Door middel van melkcontrole weten we hoeveel melk de koeien geven. Ook weten we het eiwitgehalte en vetpercentage. Dat is eigenlijk nog belangrijker omdat we daarop betaald worden. Uit deze gegevens (verdeeld over alle lactaties van de koe) worden de beste stieren aangehouden. Een stuk of zeven stieren worden tijdens de opfok veelvuldig beoordeeld tot de beste twee of drie stieren overblijven. Dit zijn dieren die uitermate geschikt zijn voor onze boerderij. De moeders hebben zich immers al bewezen en de stieren zijn goed ontwikkeld op alleen gras.

 

Deze stieren gebruiken we vervolgens om de hele veestapel te bevruchten. Daarbij gaan we er vanuit dat deze kalfjes nog weer beter passen op onze boerderij. In ieder geval beter dan de stieren uit de blaadjes van fokkerij-organisaties. Dit patroon herhalen we ieder jaar weer. Waarschijnlijk zijn onze koeien over 15 jaar nog steeds bruin en officieel van het ras Jersey. Toch denken we dat de koeien er anders uit zullen zien dan de aangekochte vaarzen uit Denemarken.

 

 

Met vriendelijke groet

 

Bartele Holtrop

Kalfjes (niet) bij de koe

In de zoektocht naar een ideale boerderij, hebben we twee jaar een test gedaan om de kalfjes bij de koe. In de verhalen hieronder vertellen we in de eerste waarom we enthusiast zijn. Het laatste verhaal gaat over waarom kalfjes bij de koe een slecht idee is.

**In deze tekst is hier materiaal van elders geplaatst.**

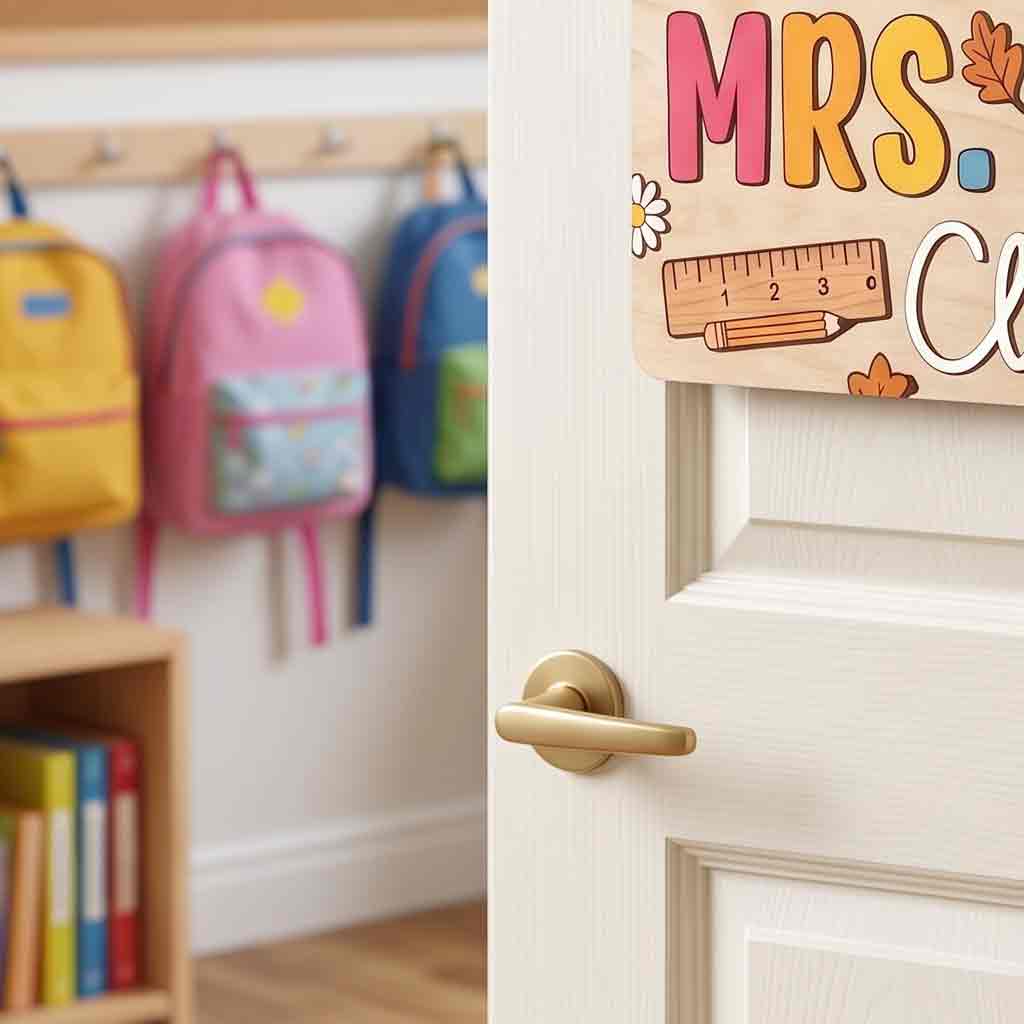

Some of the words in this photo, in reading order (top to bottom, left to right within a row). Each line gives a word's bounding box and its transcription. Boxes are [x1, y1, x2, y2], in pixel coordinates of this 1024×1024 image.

Kalfjes bij hun moeder, goed idee?

Een blog uit eigen ervaring. Maatschappelijk gezien is het een heet hangijzer. Veel dierenactivisten willen graag dat de kalfjes bij de koe blijven. Maar wat houdt het in voor de boer? Eén van onze doelen is om koeien te houden die 15 jaar meegaan, en dan vooral op gras. Hoe moeten we dit aanpakken? We hebben daarin verschillende proeven gedaan.

Onze ervaringen van het eerste jaar

Het eerste jaar probeerden wij om vier kalveren bij de moeder te houden. Dat was een prachtig gezicht, maar er zaten nogal wat haken en ogen aan. We hadden alleen de vaarzen (koeien die voor de eerste keer moeder zijn geworden) aan de melk. Als één van de kalfjes om melk vroeg stonden alle koeien direct paraat en hielden hun melk op. Het kalf komt altijd op de eerste plek, daarna de boer. Een moeder houdt instinctief melk achter voor haar kalfje. Er komt wel melk, maar de toeschietreflex blijft uit. Als dat bij één koe gebeurt vinden we dat niet zo erg, maar als het bij alle koeien gebeurt is het onmogelijk om een financieel gezonde boerderij op te bouwen.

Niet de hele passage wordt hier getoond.